Followup inspection of similar piping headers identified two additional headers with end plates that did not meet the code requirements. No end plate leakage was previously identified on the affected headers since original installation in 1976. Additionally, these end plates had previously passed the required inservice inspections. The affected headers have since been fitted with the proper end plates and have since passed pressure testing.

The inspectors concluded that the corrective actions were adequate and have no additional comments on this event.

93-08 Check Valves Not Included In ASME Testing Program The licensee identified that the river water check valves in the chlorine injection lines were not included in the ASME section IX testing program when the program was developed.

There are two check valves in each header and are designed to limit river water back-leakage in the event of a chlorine injection piping break. The as found leakage was 18 gpm for train A check valves and was negligible for train B check valves. The licensee determined that this leakage did not affect river water system operability. The check valves have subsequently been added to the ASME testing program and the leakage has been corrected.

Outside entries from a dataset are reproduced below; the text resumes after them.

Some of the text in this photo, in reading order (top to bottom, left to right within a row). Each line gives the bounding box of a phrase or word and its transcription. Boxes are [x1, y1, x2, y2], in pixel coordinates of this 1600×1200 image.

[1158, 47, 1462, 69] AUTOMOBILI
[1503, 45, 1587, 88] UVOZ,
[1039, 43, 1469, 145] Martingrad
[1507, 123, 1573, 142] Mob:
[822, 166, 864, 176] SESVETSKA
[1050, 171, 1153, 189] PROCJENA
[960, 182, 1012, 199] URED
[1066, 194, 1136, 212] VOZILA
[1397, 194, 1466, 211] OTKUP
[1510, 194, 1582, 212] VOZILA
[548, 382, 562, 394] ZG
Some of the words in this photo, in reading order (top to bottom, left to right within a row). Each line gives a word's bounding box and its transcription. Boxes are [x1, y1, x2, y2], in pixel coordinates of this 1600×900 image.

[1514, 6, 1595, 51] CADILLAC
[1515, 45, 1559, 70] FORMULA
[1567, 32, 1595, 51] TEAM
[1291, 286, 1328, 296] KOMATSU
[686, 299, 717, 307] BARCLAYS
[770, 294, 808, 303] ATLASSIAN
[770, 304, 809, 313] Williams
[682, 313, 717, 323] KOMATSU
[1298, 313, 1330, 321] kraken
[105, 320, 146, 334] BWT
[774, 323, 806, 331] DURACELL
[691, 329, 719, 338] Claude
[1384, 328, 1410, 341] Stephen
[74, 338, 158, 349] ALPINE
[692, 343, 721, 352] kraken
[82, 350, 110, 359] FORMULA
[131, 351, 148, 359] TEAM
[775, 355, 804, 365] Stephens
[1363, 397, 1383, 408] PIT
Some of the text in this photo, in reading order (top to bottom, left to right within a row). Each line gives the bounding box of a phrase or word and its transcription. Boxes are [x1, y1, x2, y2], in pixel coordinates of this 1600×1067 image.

The inspectors concluded that the corrective actions were adequate and have no additional comments on this event.

93-09 Unlocked High Radiation Area Barrier This event was reviewed in NRC inspection report 93-12/13. The licensee's corrective actions will be reviewed as part of the response to violation 93-09-01.

Unit 2:

92-08 Quench Spray Pump Breaker Failed to Close This LER was previously reviewed as reported in NRC inspection report 92-28/27. The inspectors revisited the item and verified that long-term corrective actions involving a sample inspection of other 4KV breakers, and the revision of maintenance procedure 1/2 PMP-36 NNS-SS-BKR-lE were completed. The inspectors concluded that corrective actions were properly completed and have no additional comments on this event.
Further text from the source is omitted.